Is there a possibility that the pilot service won’t progress into as a full service offering? Who takes the go / no go decision regarding taking the pilot into service and when? What happens to data currently in place in the pilot system?
Will people and companies who are not Jisc members/subscribers be able to use the service?
Who is providing services to the pilot? How are those services divided up?
What additional procurement and support is required over and above the 8 lots?
My company isn’t on the list of providers. Can I provide a service?
Who has oversight of the overall project?
What is the ‘University of Jisc’?
What will the service cost and who pays for it?
How do we know that this service will be cost effective?
Is it all or nothing? I have some parts of a solution in place already so do I have to have all the components of service?
Are there choices for individual components within the service?
I want to use a component that isn’t part of the pilot service and isn’t on the planned development pathway. Can I do that?
Where can I find out more about the current status of the project?
What is it?
Strictly speaking, right now, the Research Data Shared Service (RDSS) Pilot is a development project designed to provide a scalable, modular Research Data Management (RDM) service for the HE/Research sector. It’s an ambitious and wide ranging project designed to provide a research data management service to a wide range of users/institutions from green-field sites with no research data management provision to mature sites with a need for one or two services to round out their existing management portfolio. When the pilot has concluded it is intended that it will become a full service offered by Jisc. The progression to service depends on a number of factors, including the technological success of the pilot and the business case for providing an RDSS.
The diagram below (Figure 1—Idealised RDSS infrastructure) shows how an idealised infrastructure might look for a research oriented institution. The pilot service will be addressing some aspects of this infrastructure—some core elements and some elements required/desired by the pilot institutions
Why are Jisc doing this?
The RDSS pilot is part of the Research @ Risk portfolio of Jisc initiatives. These were identified by Jisc members as being of particular concern.

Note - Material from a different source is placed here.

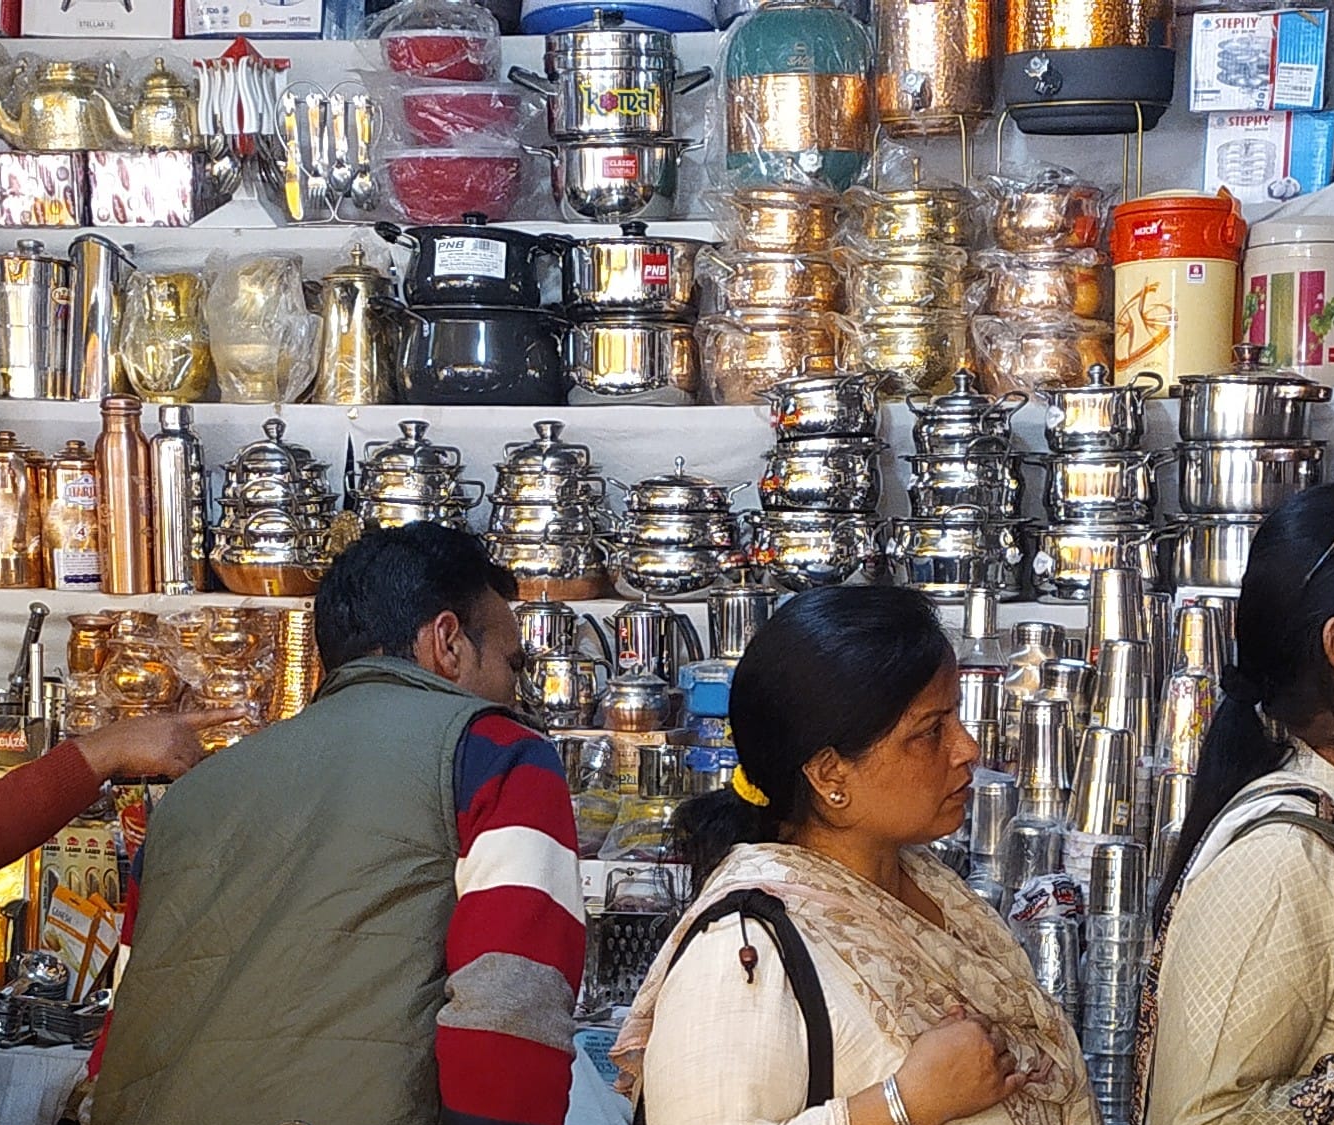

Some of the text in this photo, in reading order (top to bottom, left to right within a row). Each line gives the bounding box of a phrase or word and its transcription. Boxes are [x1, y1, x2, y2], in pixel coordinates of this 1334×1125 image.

[1228, 115, 1272, 127] STEPHY
[437, 241, 465, 251] PNB
[644, 265, 666, 277] PNB

The key drivers for RDSS are:
-
Better research
-
Lack of choice
-
Market gaps
-
Funder mandates
-
Efficiencies of scale
-
Interoperability
At present there is no “solution” that is both easily available and that meets the particular requirements for Universities to enable their Research Data Management to take place.
More effective Research Data Management must happen to comply with Funder Mandates (click here to check funder mandates and here for an overview of mandates), ensure data is not lost, and to realise a whole range of positive benefits
A shared service (in particular one provided by Jisc) offers a number of benefits
-
Cost savings and efficiencies
-
Common approaches and practice
-
Research system standardisation and interoperability
-
Address gaps in the market
-
Others…
Spin off benefits:
-
Linking Cross discipline research and researchers
-
Linking cross institution research and researchers
-
Macro and micro reporting, particularly financial reporting
What are the gaps in the current provision?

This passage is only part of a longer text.